> Records shown

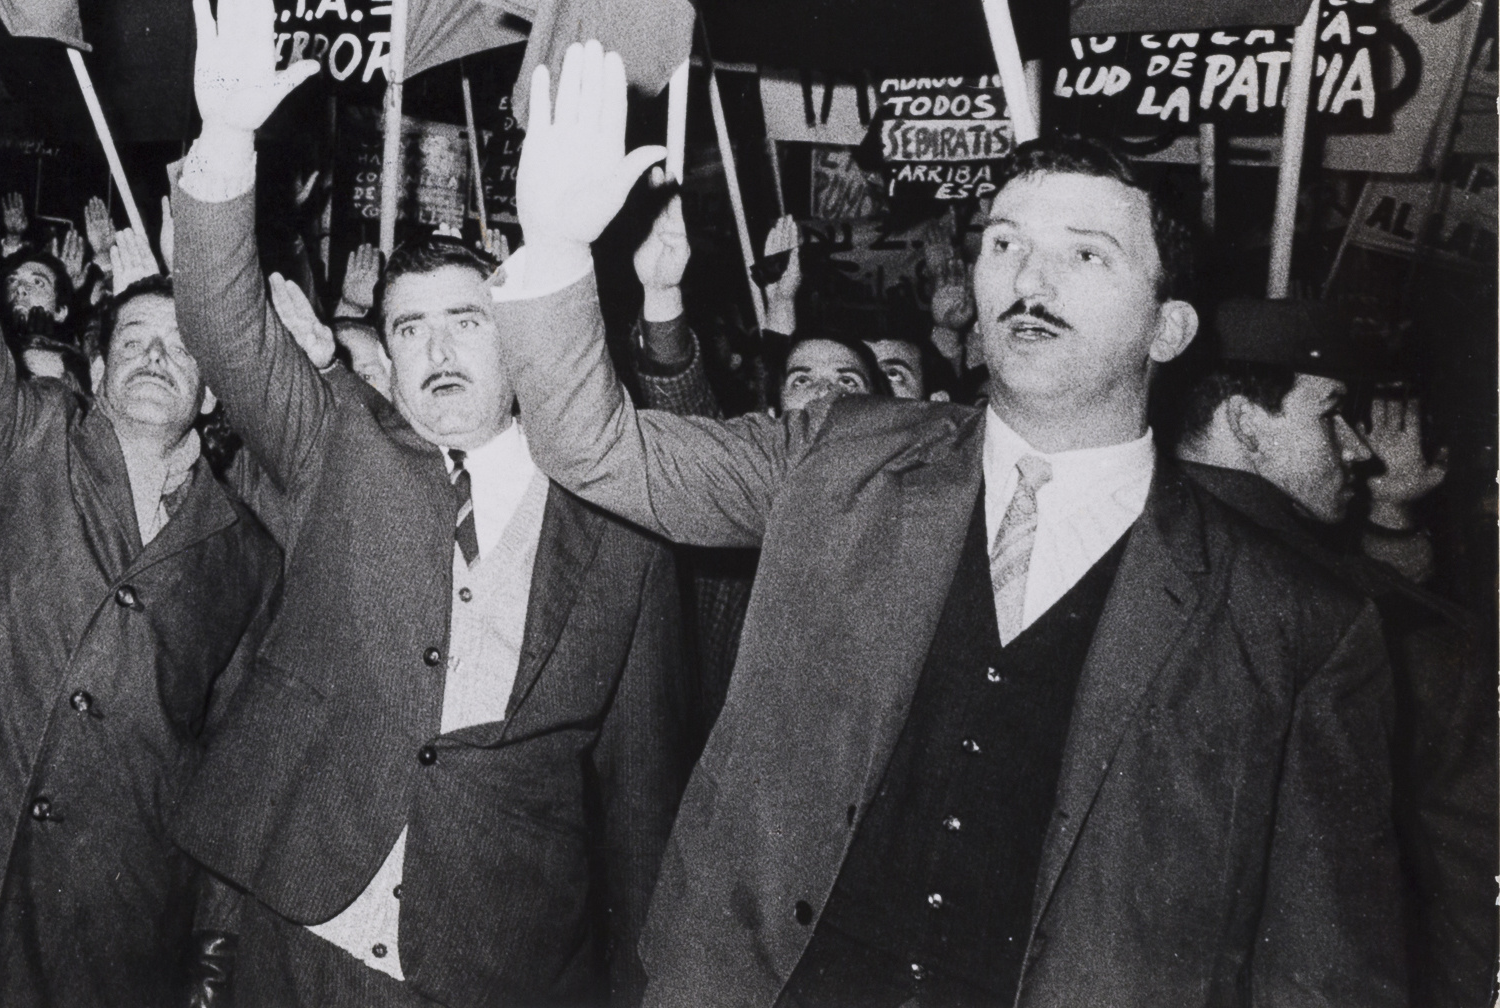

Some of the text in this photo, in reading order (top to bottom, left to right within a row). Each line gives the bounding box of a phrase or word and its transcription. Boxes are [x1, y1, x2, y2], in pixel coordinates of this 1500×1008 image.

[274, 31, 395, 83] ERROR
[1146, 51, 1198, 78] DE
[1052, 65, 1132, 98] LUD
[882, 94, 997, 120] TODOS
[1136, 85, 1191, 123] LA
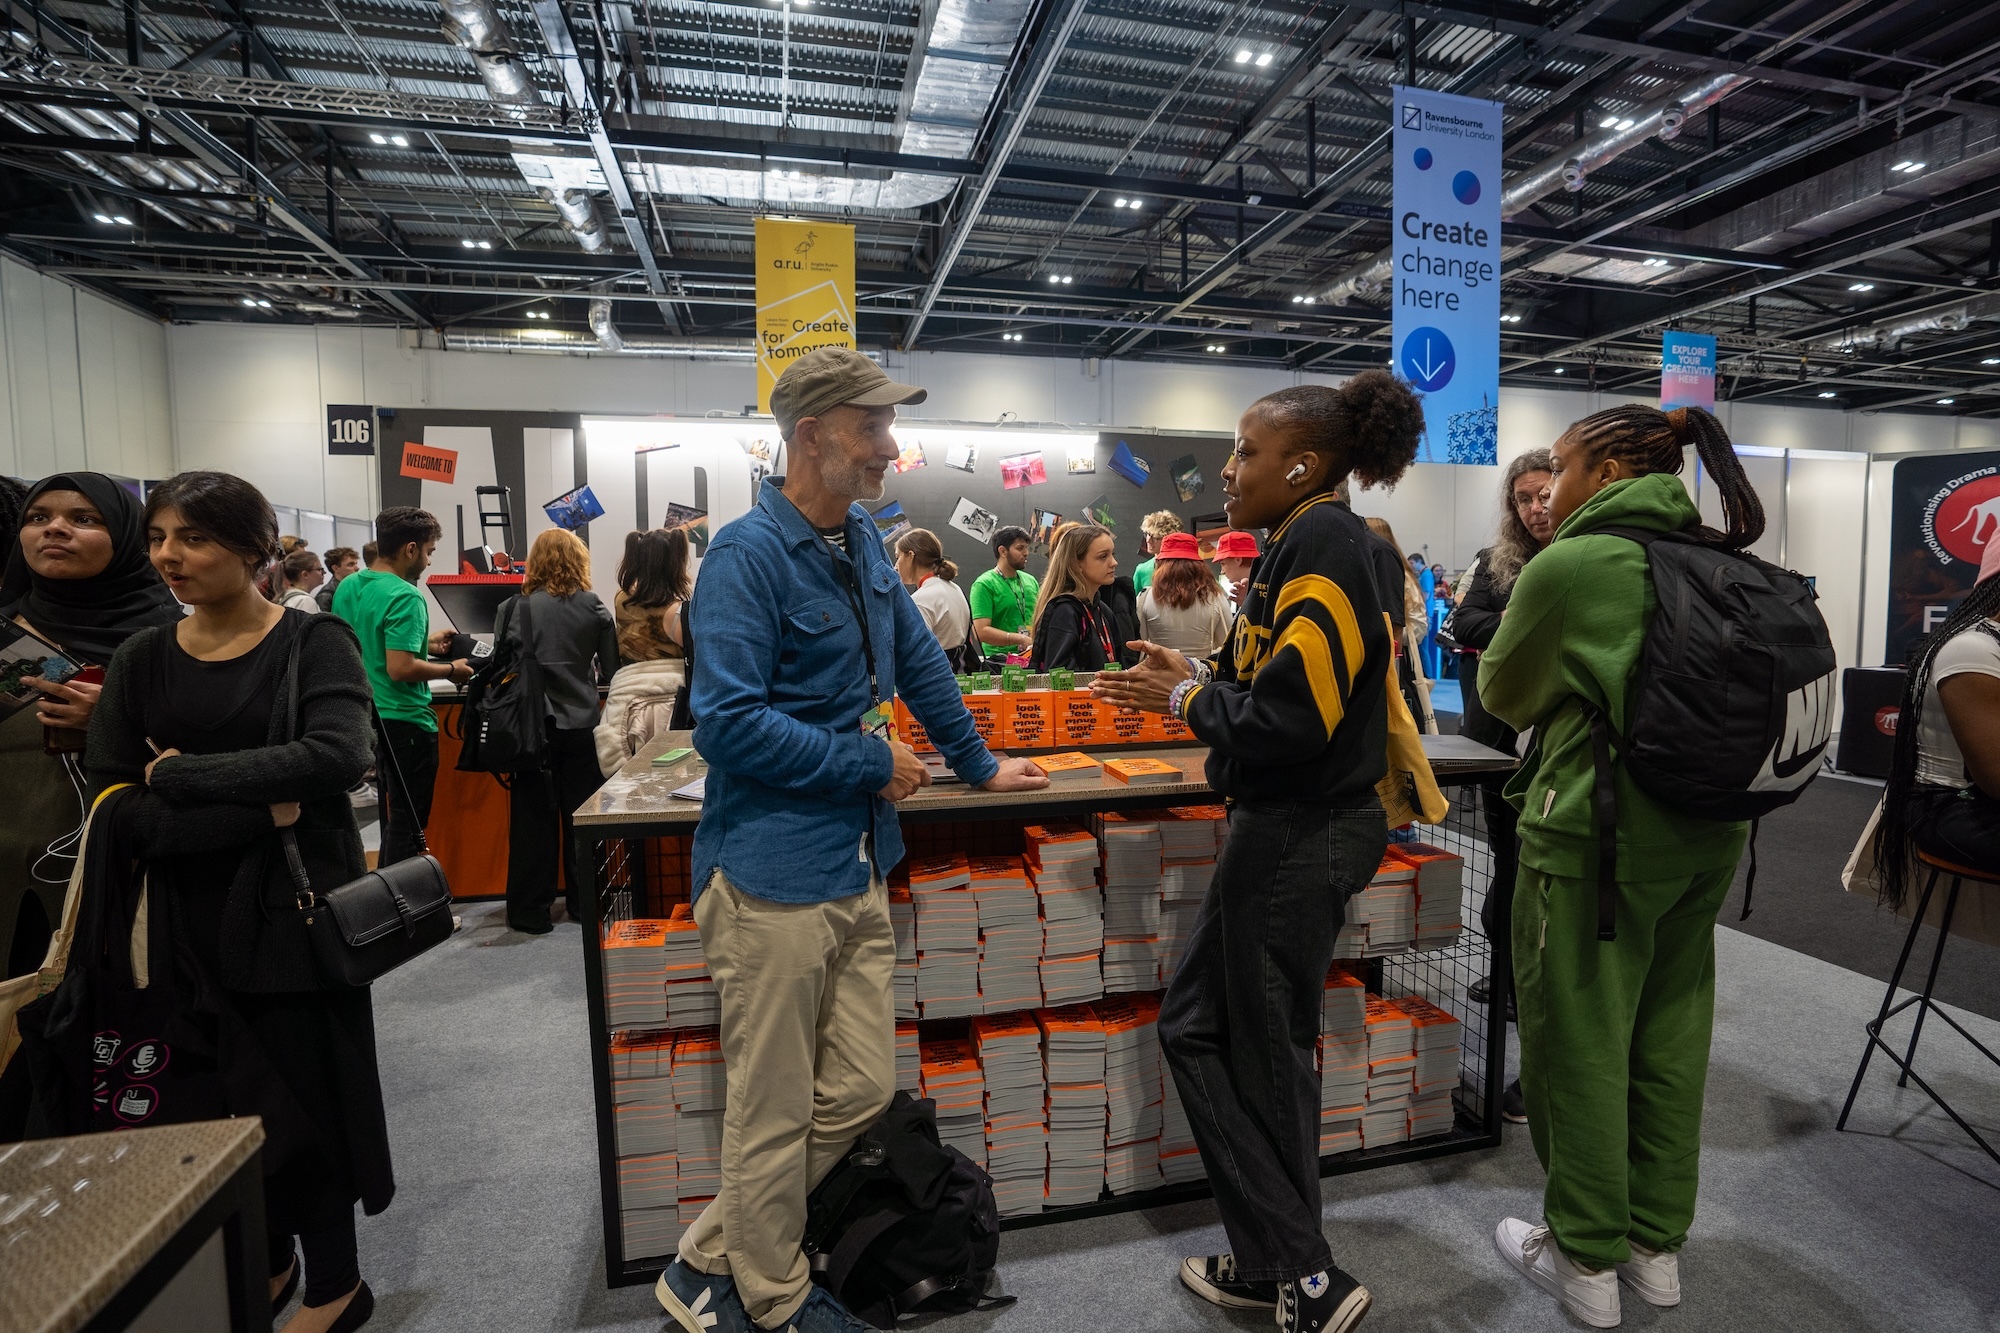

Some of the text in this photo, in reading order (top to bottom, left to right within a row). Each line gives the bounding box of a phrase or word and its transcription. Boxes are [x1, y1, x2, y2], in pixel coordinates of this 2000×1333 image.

> Your goal
Reproduce the listing verbatim, and keep the pictures out of the copy.

> Response area
Some of the text in this photo, in reading order (top to bottom, left to right within a row). Each line gives the bounding box of a phrase or word and its transcription. Boxes are [x1, y1, x2, y2], in pixel coordinates of this 1500×1008 image.

[274, 31, 395, 83] ERROR
[1146, 51, 1198, 78] DE
[1052, 65, 1132, 98] LUD
[882, 94, 997, 120] TODOS
[1136, 85, 1191, 123] LA

Some of the text in this photo, in reading order (top to bottom, left to right within a row). Each line gives the bounding box of a phrase or word and its transcription. Boxes are [x1, y1, x2, y2], in pixel coordinates of this 2000×1333 image.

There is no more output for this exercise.